Queria um nome significativo, que representasse em poucas palavras minha personalidade, o que gosto, o que quero fazer. Lembrei então da lenda de Zatoichi. Ele era um homem cego, que vivia no Japão feudal, viajando entre as cidades, ganhando sua vida com seus serviços de massagista, de apostas e da caridade alheia, já que naquela época, os cegos eram uma classe social muito baixa, acima apenas dos mendigos. Sua própria alcunha, Zatoichi, quer dizer “Ichi, o último cego”. Mas na verdade, Zatoichi era um mestre espadachim, que usava de sua aparência frágil e débil como disfarce para melhor proteger os indefesos das cruéis gangues yakuza. Aparentemente fraco, mas na verdade o mais forte de todos.

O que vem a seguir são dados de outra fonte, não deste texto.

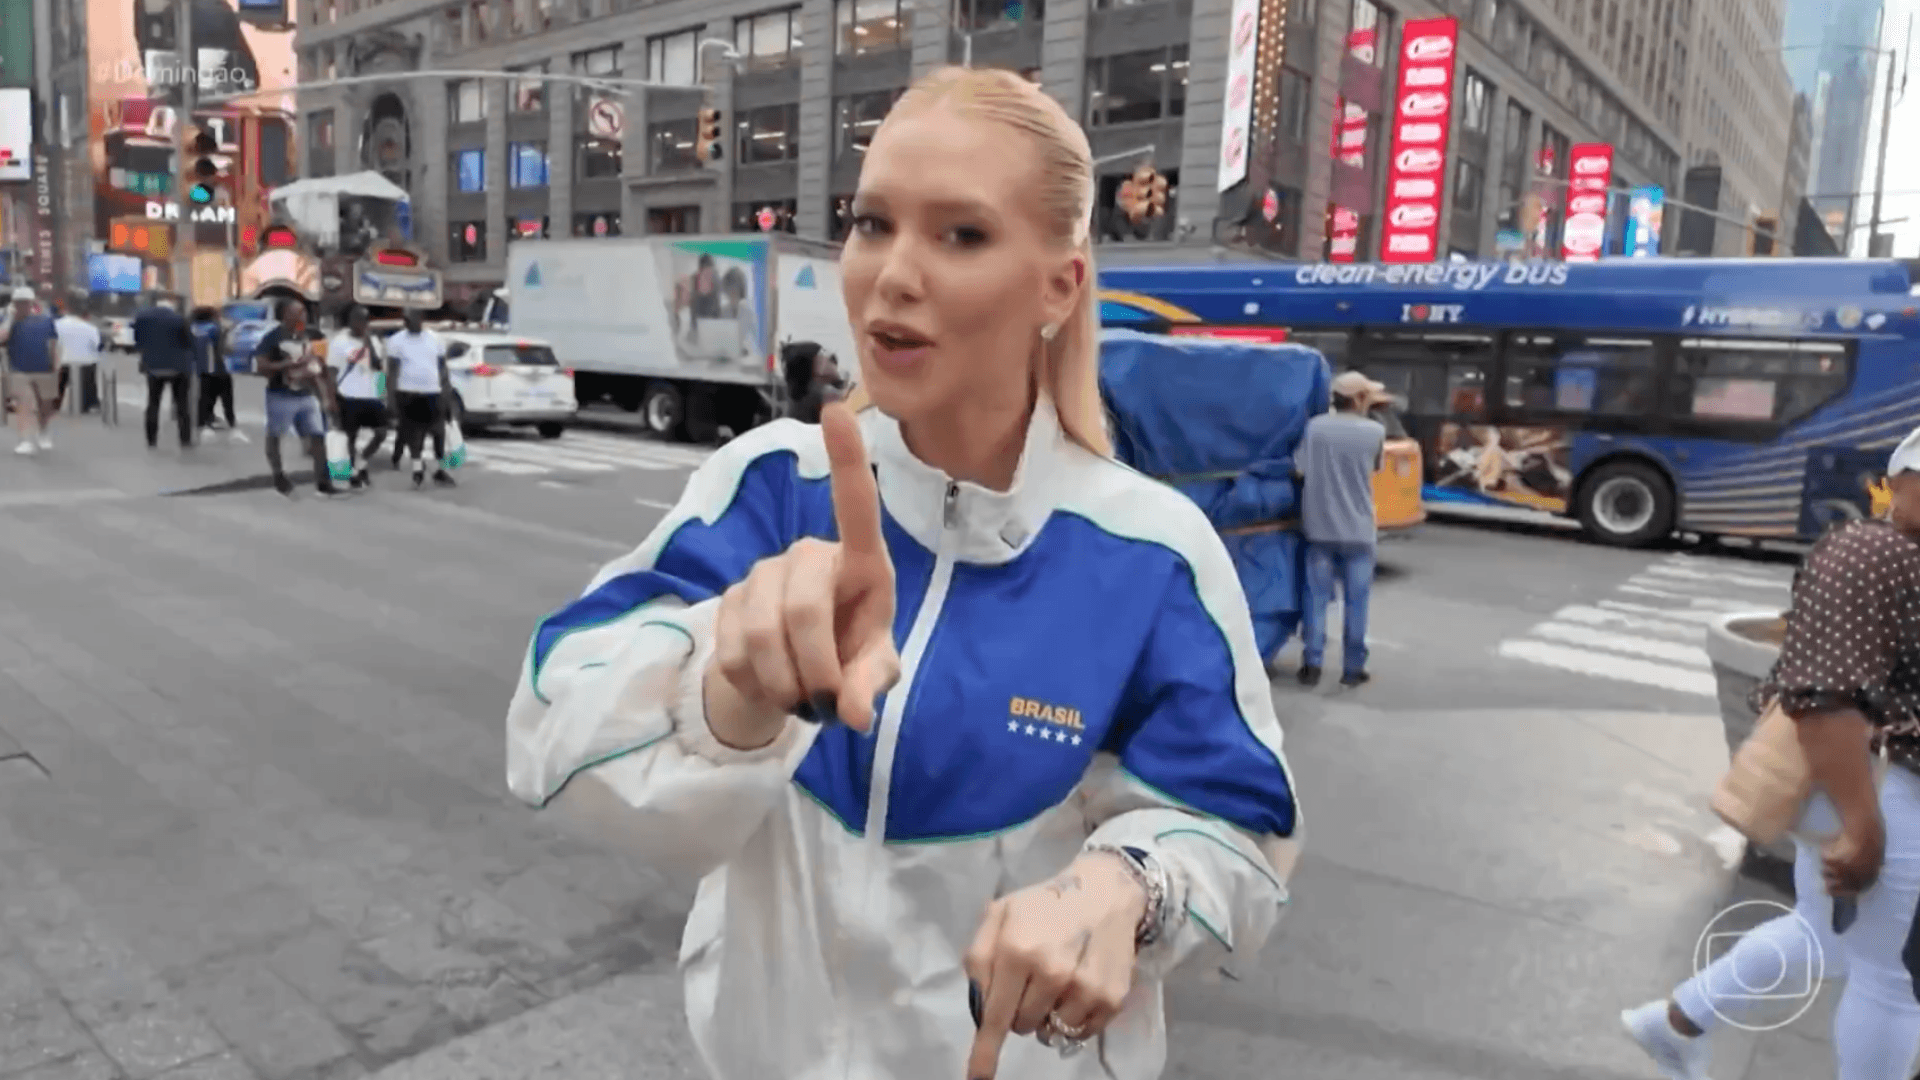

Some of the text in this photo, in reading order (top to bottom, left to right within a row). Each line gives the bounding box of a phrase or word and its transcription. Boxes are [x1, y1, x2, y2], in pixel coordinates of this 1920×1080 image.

Disciplina, sentido, determinação: é essa a sensação que este nome me traz. Não por causa de um filme que assisti, mas pelo espírito que ele incorpora. C. G. Jung chamaria este espírito de “arquétipo do herói”. O Herói está presente em todas as histórias de todas as culturas, da mitologia ou literatura recente, seja da Ásia, América ou Europa. E em todas elas, seu espírito transcende seu corpo através do treino e da dificuldade que encontra em sua jornada. A espada representa o auto-controle, a compaixão e a vontade, adquiridas através de diligente disciplina. Os cegos, na cultura helênica antiga, eram considerados sábios, pois tinham olhos para um mundo que os que enxergam não têm acesso.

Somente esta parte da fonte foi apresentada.